Libri, dibattiti e sport: incubatore di progetti: "Lo scambio di idee dà valore al territorio"

La Corporate Academy di Bosch Tec in Italia eroga 6000 ore di formazione all'anno, promuovendo scambi di competenze e collaborazioni esterne. L'azienda si impegna anche nel mondo della scuola per favorire l'orientamento e contrastare la disoccupazione giovanile. Nonostante la situazione attuale, Bosch non riscontra difficoltà nella selezione di personale.

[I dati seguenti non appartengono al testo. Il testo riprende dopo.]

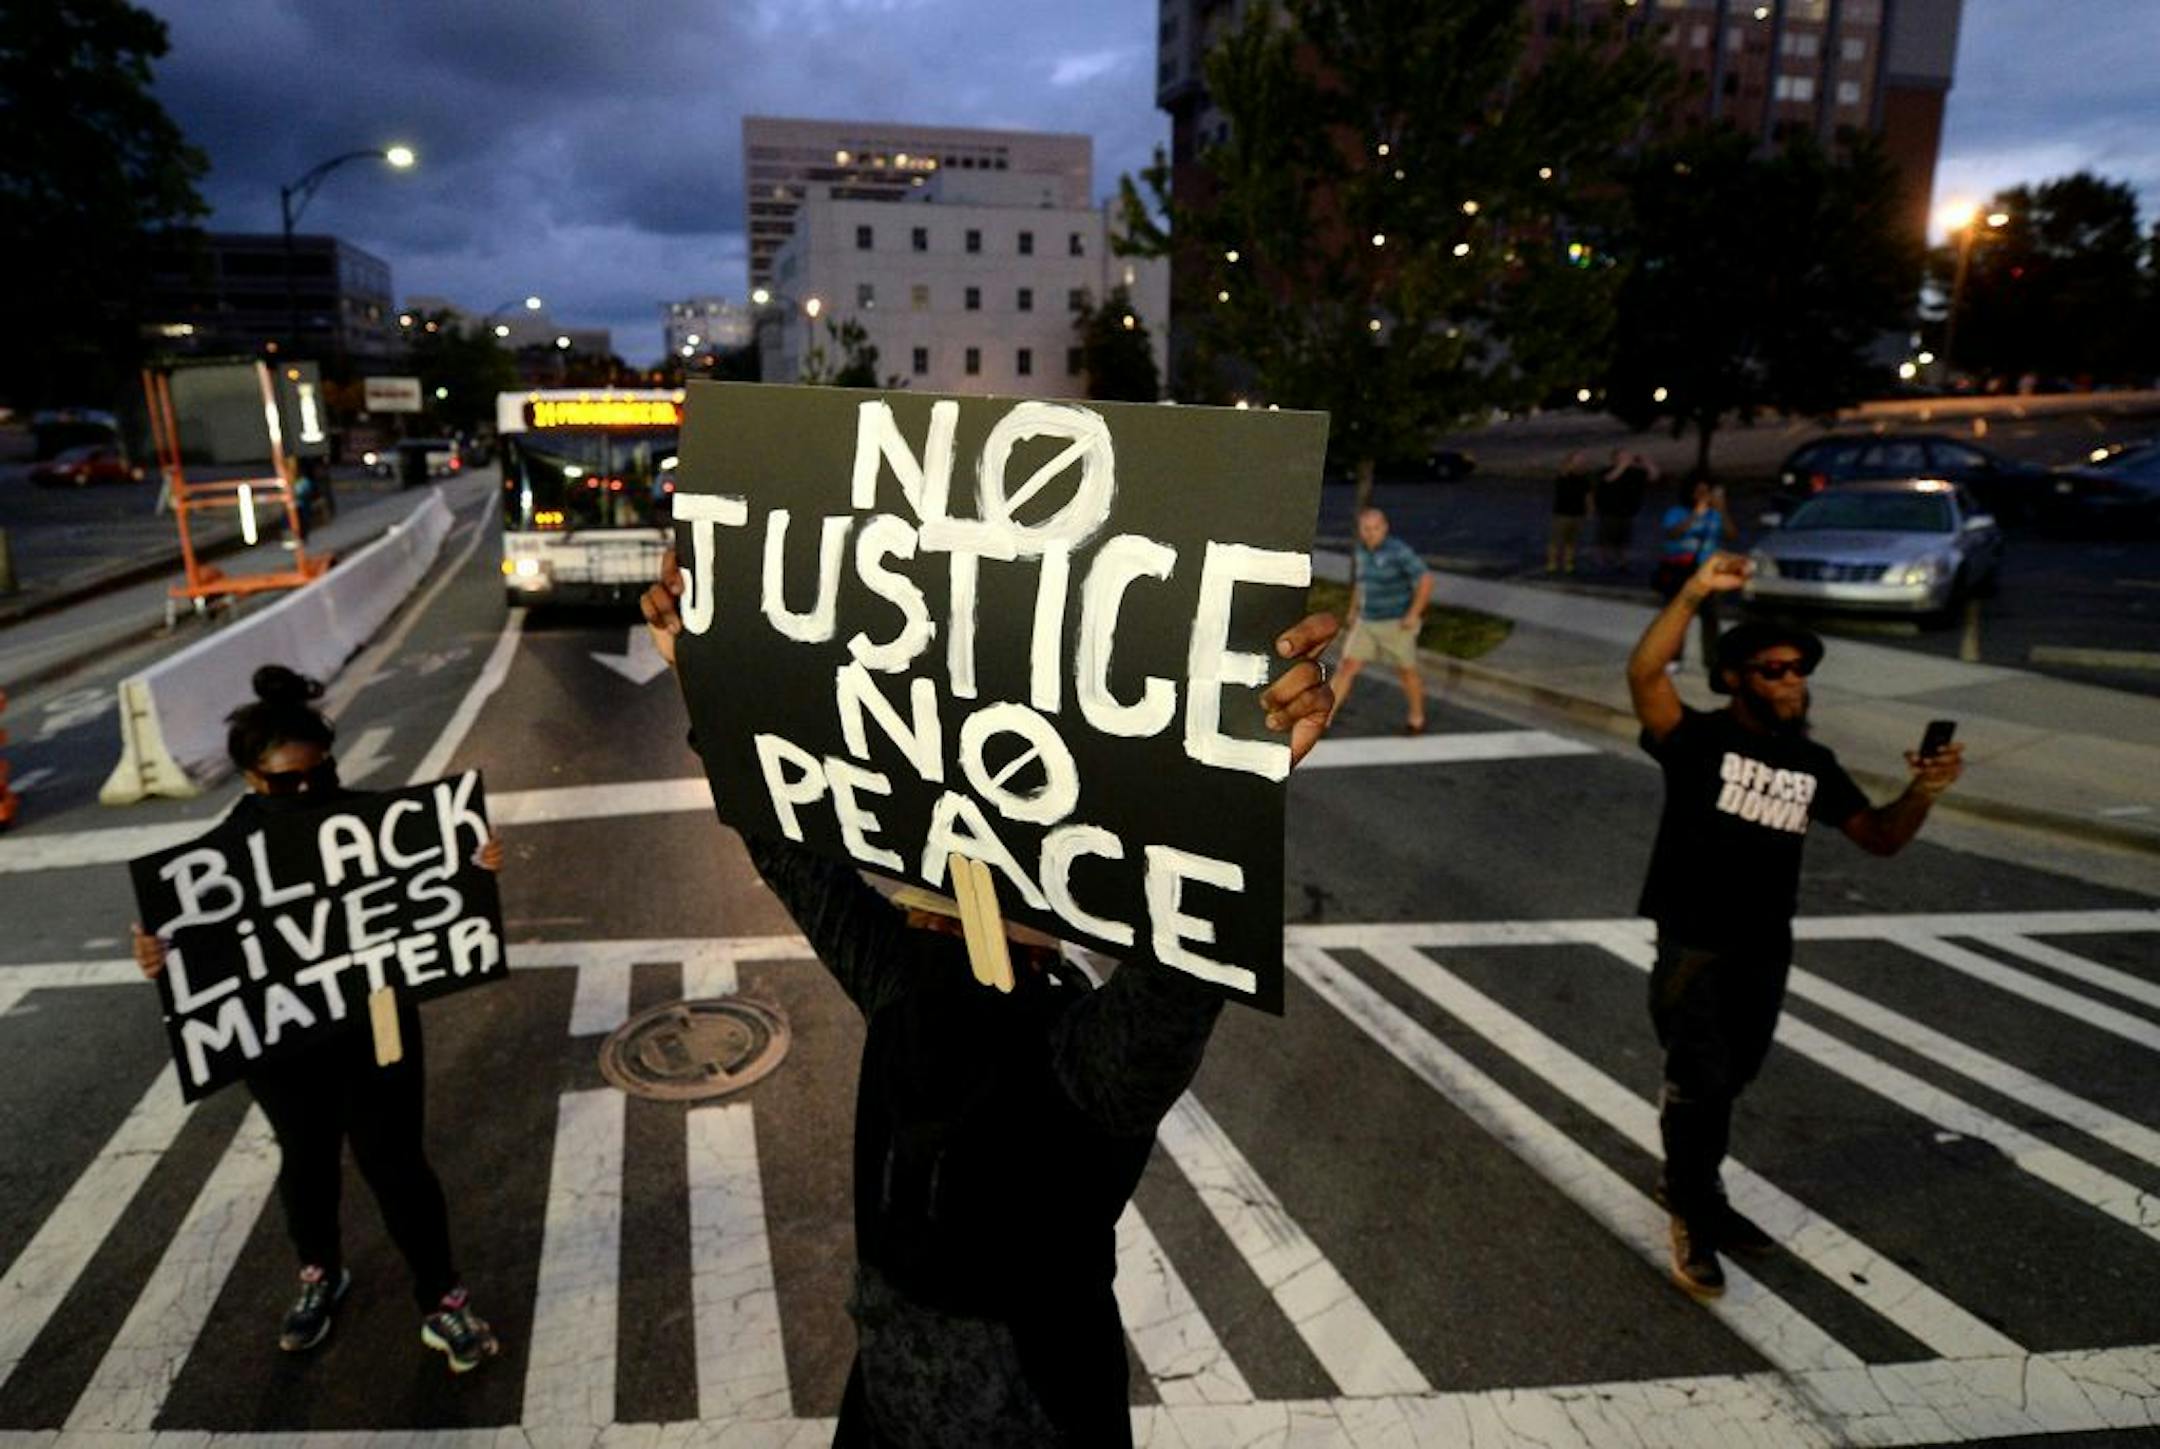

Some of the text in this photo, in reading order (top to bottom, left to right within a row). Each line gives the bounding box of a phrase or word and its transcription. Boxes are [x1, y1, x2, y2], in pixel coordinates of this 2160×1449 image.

[672, 493, 1312, 782] JUSTICE
[156, 769, 491, 938] BLACK
[754, 733, 1257, 993] PEACE
[181, 916, 500, 1087] MATTER

Bosch Tec esiste da più di vent’anni, e dalla sua fondazione la Corporate Academy italiana del colosso tedesco eroga ogni anno circa seimila ore di formazione. Formazione interna e rivolta all’esterno, attraverso un’esperienza pilota in Italia che genera un continuo scambio di competenze. "Segue la filosofia della Fondazione Bosch – sottolinea Roberto Zecchino, deputy general manager e vice president Human resources Bosch South Europe – che mira a restituire valore al territorio, non concentrandosi esclusivamente sul business".

Come si realizzano le attività formative?

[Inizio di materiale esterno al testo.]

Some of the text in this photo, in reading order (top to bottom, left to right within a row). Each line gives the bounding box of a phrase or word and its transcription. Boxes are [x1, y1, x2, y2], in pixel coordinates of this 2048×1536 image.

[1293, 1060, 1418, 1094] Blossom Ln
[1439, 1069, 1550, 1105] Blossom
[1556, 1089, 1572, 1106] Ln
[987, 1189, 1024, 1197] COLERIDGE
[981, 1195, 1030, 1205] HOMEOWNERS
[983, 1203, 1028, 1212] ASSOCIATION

"I corsi di formazione sono rivolti ai circa seimila collaboratori di Bosch in Italia ma anche alle aziende dell’indotto e ai nostri clienti. Poi ci sono le attività rivolte alle scuole e alle università, iniziative culturali come la presentazione di libri e dibattiti che si tengono con cadenza mensile. L’idea è quella di aprirsi all’esterno, creare una contaminazione di idee e uno scambio positivo. Ogni anno vengono erogate circa seimila ore di formazione".

Qual è il rapporto con il mondo della scuola?

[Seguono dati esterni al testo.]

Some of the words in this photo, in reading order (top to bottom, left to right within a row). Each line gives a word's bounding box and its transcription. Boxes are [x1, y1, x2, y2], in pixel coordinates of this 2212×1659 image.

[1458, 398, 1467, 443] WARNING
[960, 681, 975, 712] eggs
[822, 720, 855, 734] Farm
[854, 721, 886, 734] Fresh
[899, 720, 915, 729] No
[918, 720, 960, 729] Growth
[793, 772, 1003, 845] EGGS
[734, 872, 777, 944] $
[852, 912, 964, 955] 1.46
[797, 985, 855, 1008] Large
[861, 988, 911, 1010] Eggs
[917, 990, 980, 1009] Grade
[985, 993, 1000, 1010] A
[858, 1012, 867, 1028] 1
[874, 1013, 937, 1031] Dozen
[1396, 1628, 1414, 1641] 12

"Siamo impegnati in progetti che hanno l’obiettivo di raccontare il mondo del lavoro attraverso lo sport, oltre alle varie attività di orientamento nelle scuole superiori. Nell’arco di dieci anni, per dare qualche numero, abbiamo incontrato oltre 400mila studenti in tutta Italia. Tra questi, più di ottomila hanno partecipato all’alternanza scuola lavoro. In dieci anni abbiamo visitato più di quattromila scuole, su tutto il territorio italiano. Scuole di tutti gli ambiti, per cercare di fare fronte alla disoccupazione giovanile. Si tratta di uno sforzo imponente, e i risultati si vedono".

State riscontrando difficoltà, in questo periodo, nel selezionare personale?

"In questo periodo non sono in programma grossi piani di assunzioni, e le risorse in Italia sono in linea con il fabbisogno. La nostra è un’azienda che storicamente ha un’alta attrattività e non abbiamo mai riscontrato grosse difficoltà nel trovare personale, anche in un periodo in cui diverse aziende fanno fatica a reperire figure professionali in linea con le esigenze".